Exercise instructions
Your copy should repeat each record exactly and contain none of the pictures.

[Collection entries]
****************

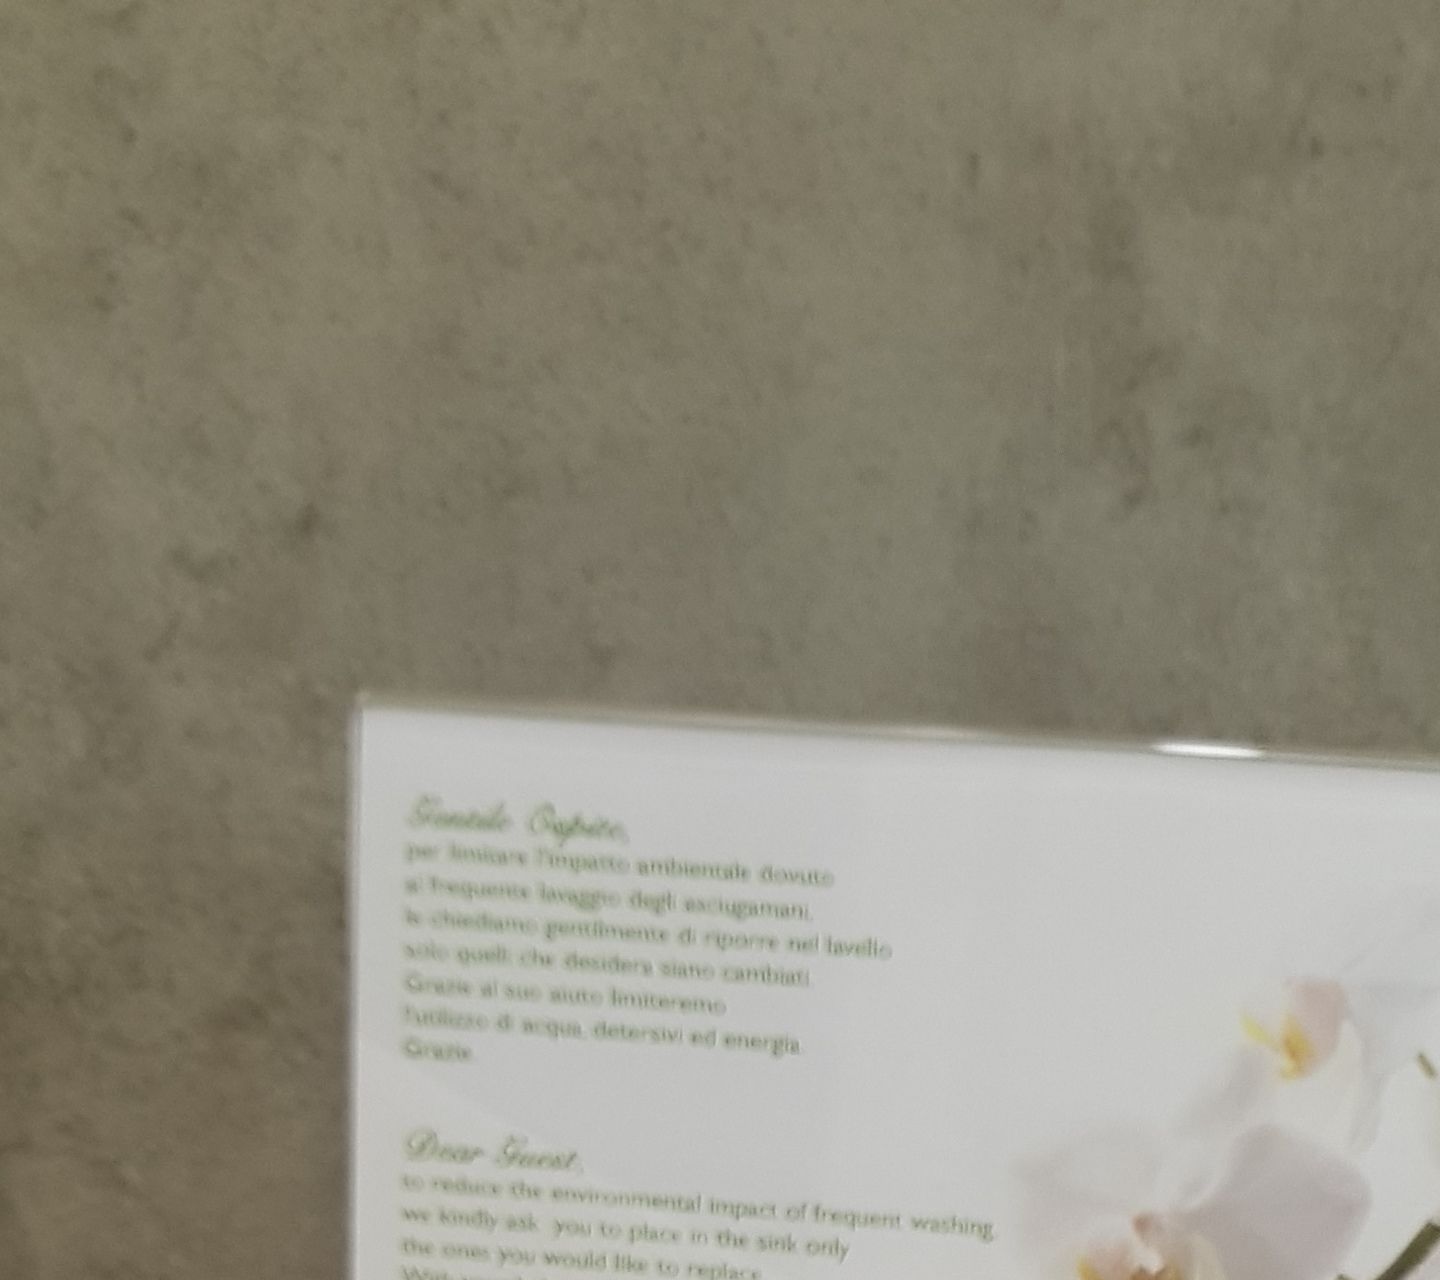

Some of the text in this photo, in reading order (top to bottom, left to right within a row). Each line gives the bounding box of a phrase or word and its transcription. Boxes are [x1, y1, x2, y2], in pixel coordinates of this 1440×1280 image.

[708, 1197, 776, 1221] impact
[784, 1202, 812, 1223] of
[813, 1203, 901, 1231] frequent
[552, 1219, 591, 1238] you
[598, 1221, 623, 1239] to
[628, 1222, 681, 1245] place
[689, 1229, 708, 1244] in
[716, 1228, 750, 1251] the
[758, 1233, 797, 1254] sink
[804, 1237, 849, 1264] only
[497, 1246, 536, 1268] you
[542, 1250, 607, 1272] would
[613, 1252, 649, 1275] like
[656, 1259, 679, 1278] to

****************

Solution for this task
Some of the text in this photo, in reading order (top to bottom, left to right within a row). Each line gives the bounding box of a phrase or word and its transcription. Boxes are [x1, y1, x2, y2], in pixel coordinates of this 1440×1280 image.

[708, 1197, 776, 1221] impact
[784, 1202, 812, 1223] of
[813, 1203, 901, 1231] frequent
[552, 1219, 591, 1238] you
[598, 1221, 623, 1239] to
[628, 1222, 681, 1245] place
[689, 1229, 708, 1244] in
[716, 1228, 750, 1251] the
[758, 1233, 797, 1254] sink
[804, 1237, 849, 1264] only
[497, 1246, 536, 1268] you
[542, 1250, 607, 1272] would
[613, 1252, 649, 1275] like
[656, 1259, 679, 1278] to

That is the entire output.